YOUR OBJECTIVE
Find the line containing "this 1920×1280 image." in the data below and repeat it, along with all later lines, exactly through the last one.

GIVEN DATA

######

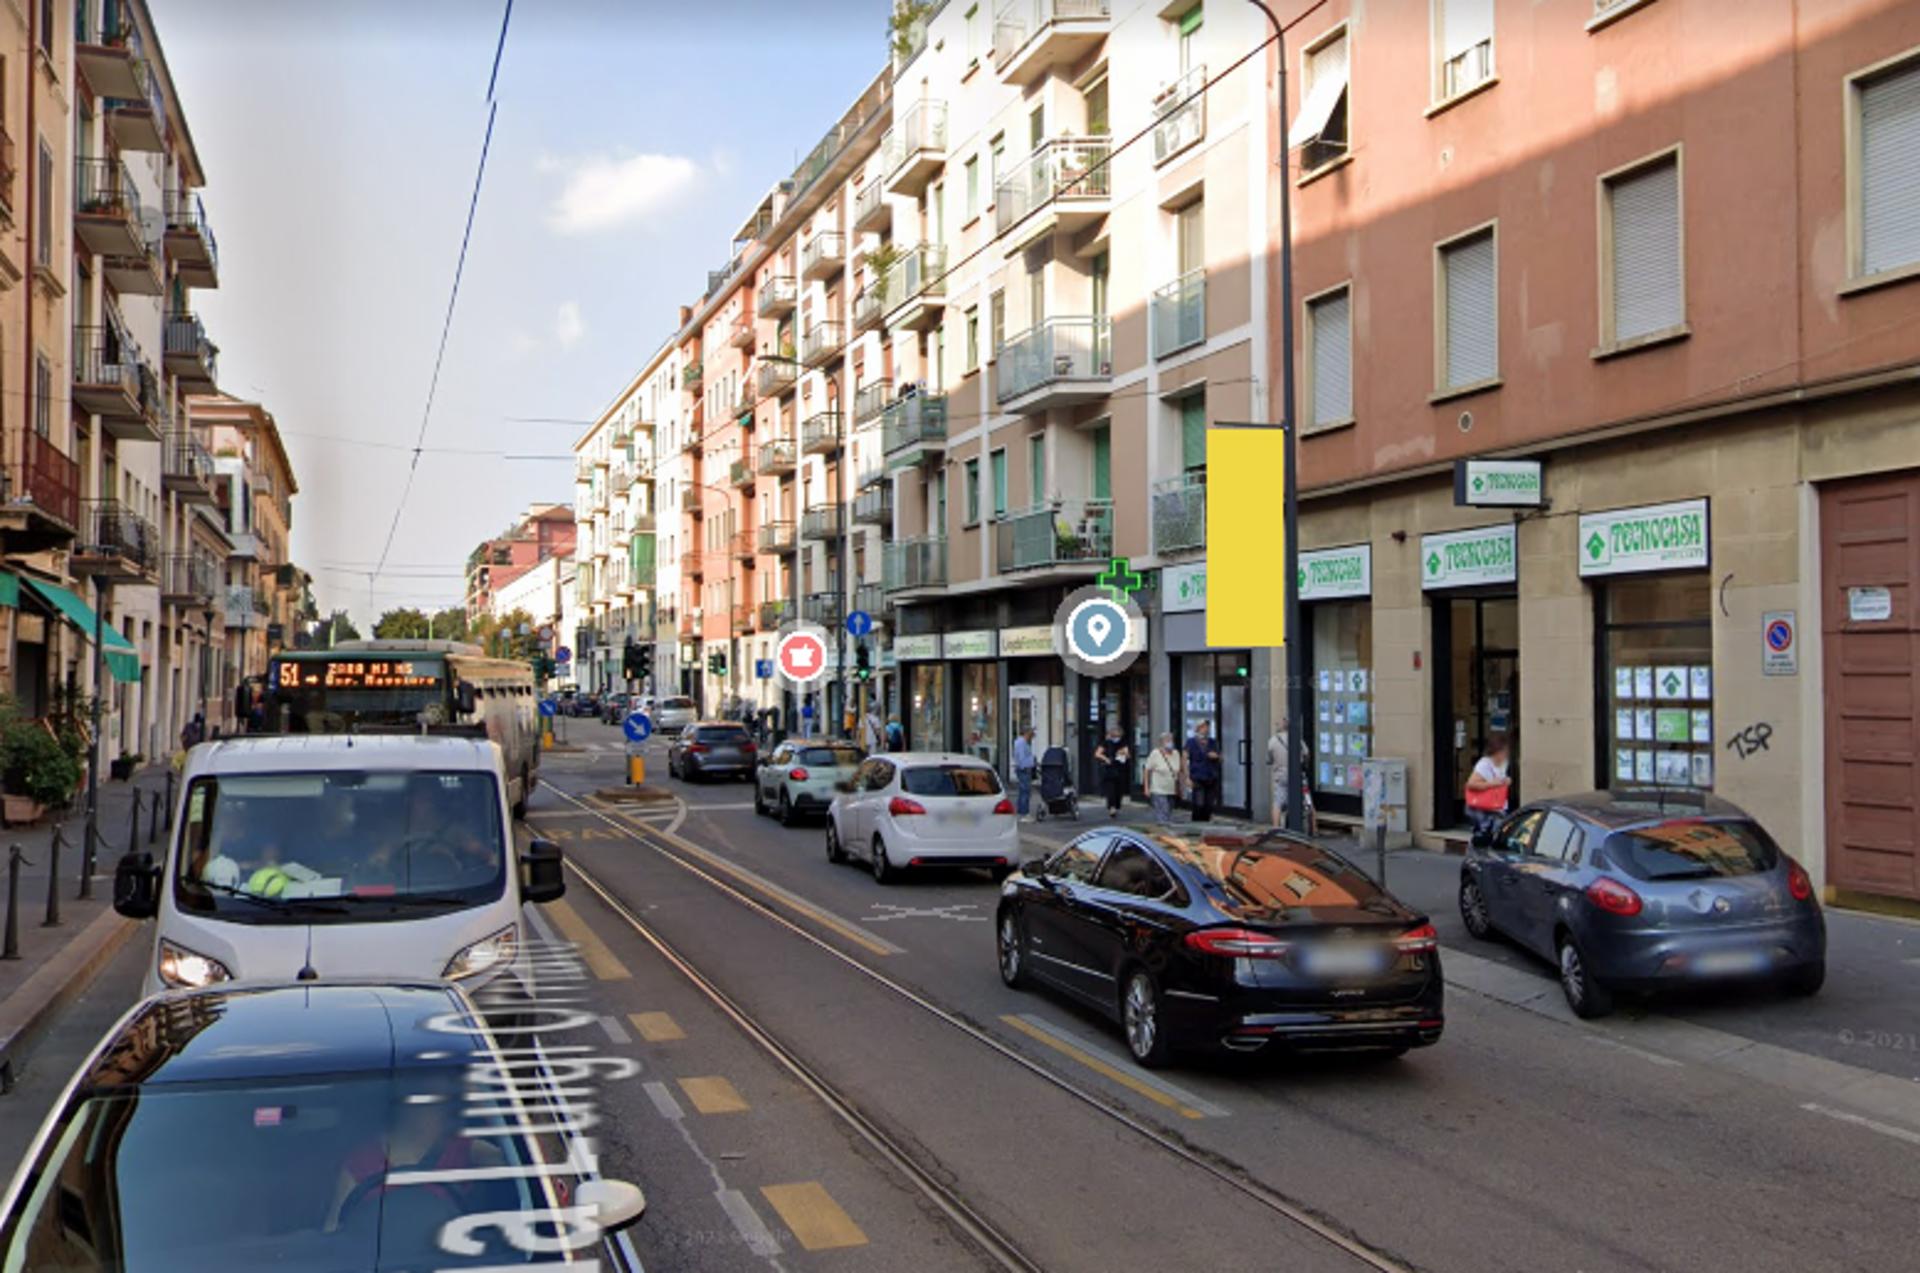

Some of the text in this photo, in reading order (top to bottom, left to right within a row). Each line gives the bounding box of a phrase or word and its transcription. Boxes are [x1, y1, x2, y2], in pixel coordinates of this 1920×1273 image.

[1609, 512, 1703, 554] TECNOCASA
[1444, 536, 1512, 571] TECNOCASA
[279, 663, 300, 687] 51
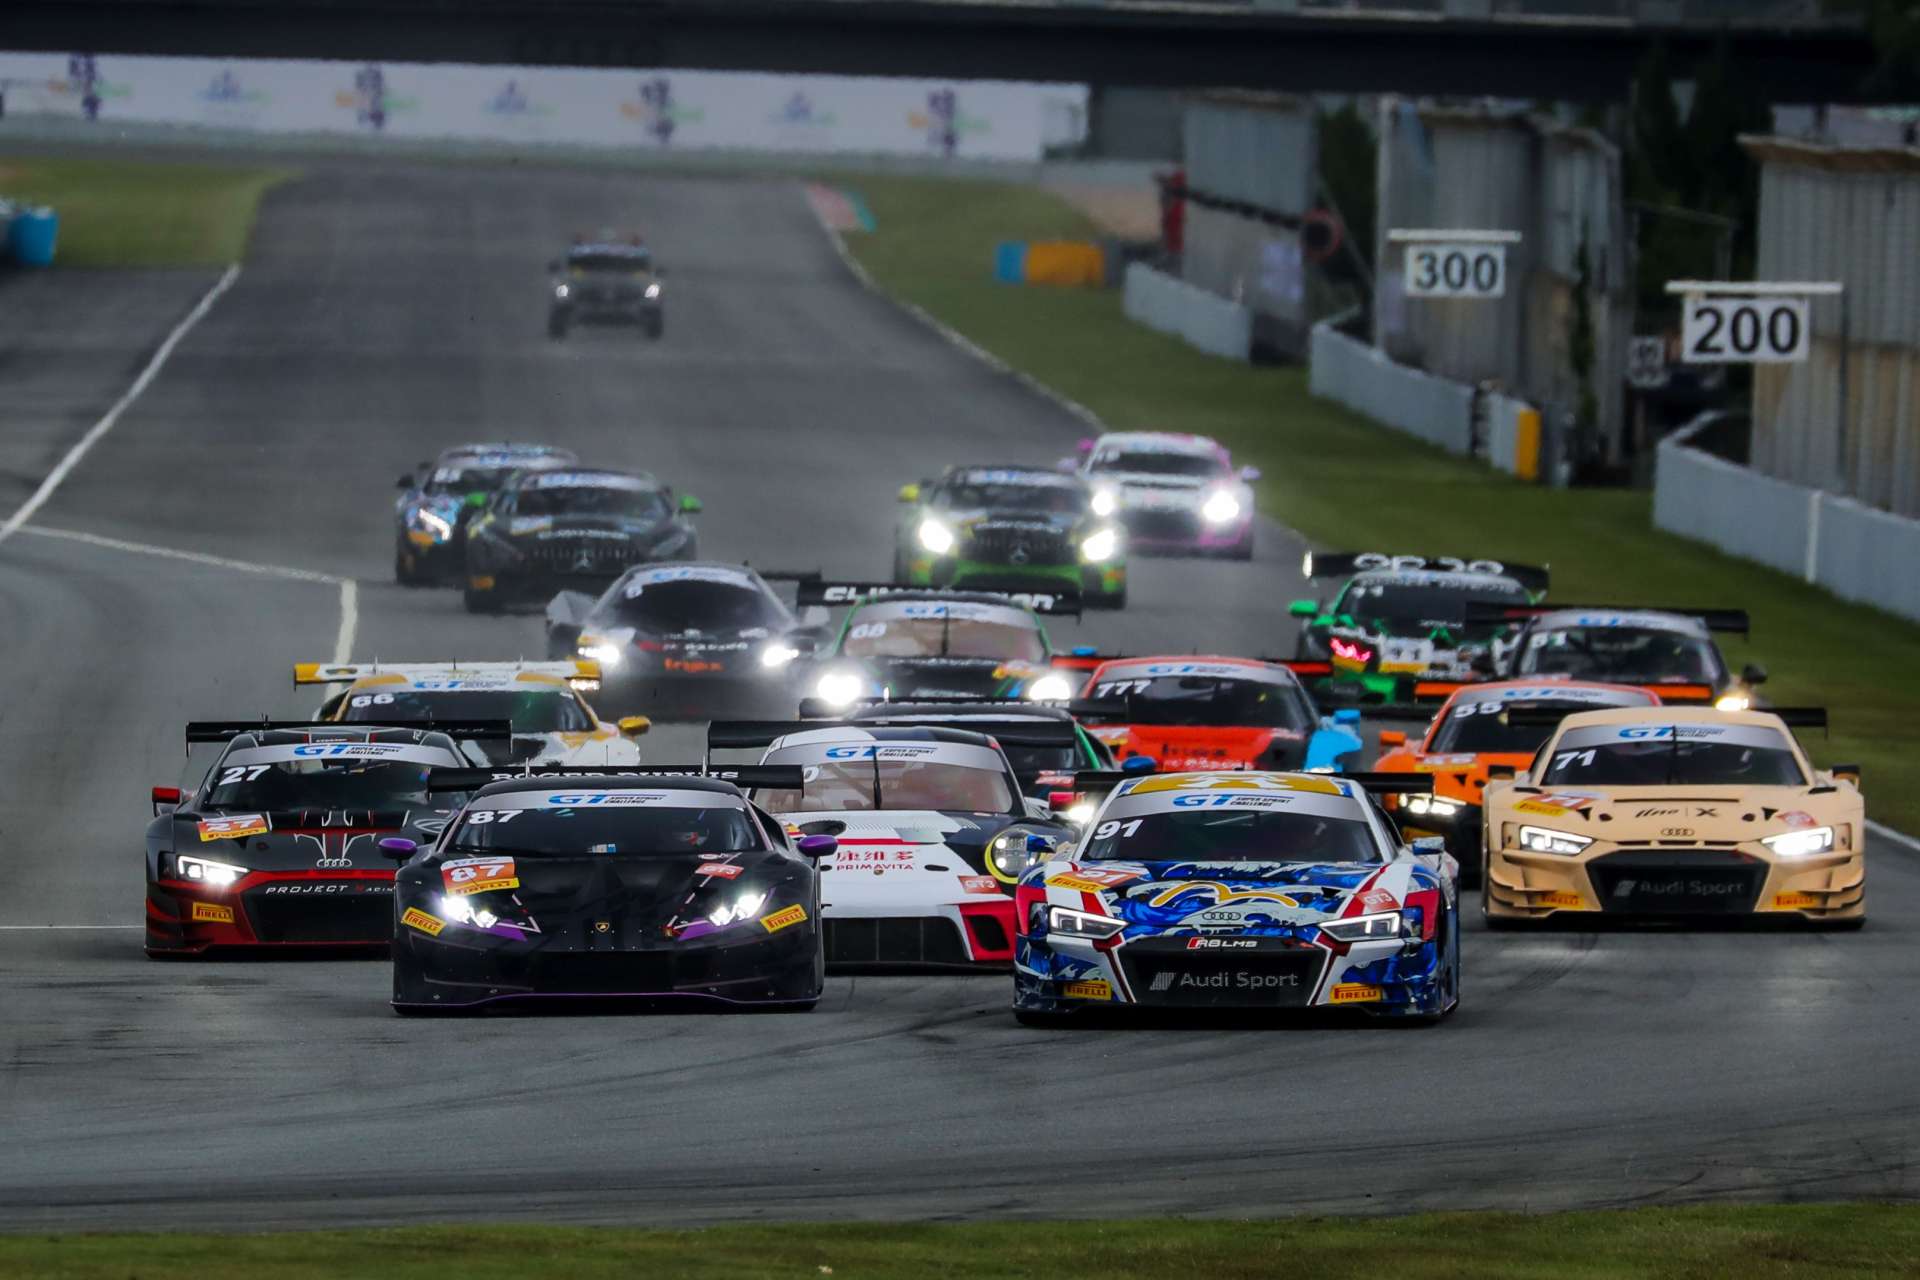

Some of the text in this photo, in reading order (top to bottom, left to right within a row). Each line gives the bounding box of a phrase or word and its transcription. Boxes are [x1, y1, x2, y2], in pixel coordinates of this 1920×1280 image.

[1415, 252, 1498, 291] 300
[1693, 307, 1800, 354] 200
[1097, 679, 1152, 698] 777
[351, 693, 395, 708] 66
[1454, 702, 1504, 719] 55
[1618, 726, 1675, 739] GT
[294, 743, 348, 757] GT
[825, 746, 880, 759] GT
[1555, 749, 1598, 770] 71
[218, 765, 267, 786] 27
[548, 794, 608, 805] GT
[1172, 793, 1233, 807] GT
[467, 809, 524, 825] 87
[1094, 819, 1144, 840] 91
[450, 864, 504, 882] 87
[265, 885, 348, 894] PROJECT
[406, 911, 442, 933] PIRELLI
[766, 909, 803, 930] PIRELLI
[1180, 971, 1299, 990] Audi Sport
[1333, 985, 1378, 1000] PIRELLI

######

EXERCISE ANSWER
Some of the text in this photo, in reading order (top to bottom, left to right within a row). Each line gives the bounding box of a phrase or word and its transcription. Boxes are [x1, y1, x2, y2], in pixel coordinates of this 1920×1280 image.

[1415, 252, 1498, 291] 300
[1693, 307, 1800, 354] 200
[1097, 679, 1152, 698] 777
[351, 693, 395, 708] 66
[1454, 702, 1504, 719] 55
[1618, 726, 1675, 739] GT
[294, 743, 348, 757] GT
[825, 746, 880, 759] GT
[1555, 749, 1598, 770] 71
[218, 765, 267, 786] 27
[548, 794, 608, 805] GT
[1172, 793, 1233, 807] GT
[467, 809, 524, 825] 87
[1094, 819, 1144, 840] 91
[450, 864, 504, 882] 87
[265, 885, 348, 894] PROJECT
[406, 911, 442, 933] PIRELLI
[766, 909, 803, 930] PIRELLI
[1180, 971, 1299, 990] Audi Sport
[1333, 985, 1378, 1000] PIRELLI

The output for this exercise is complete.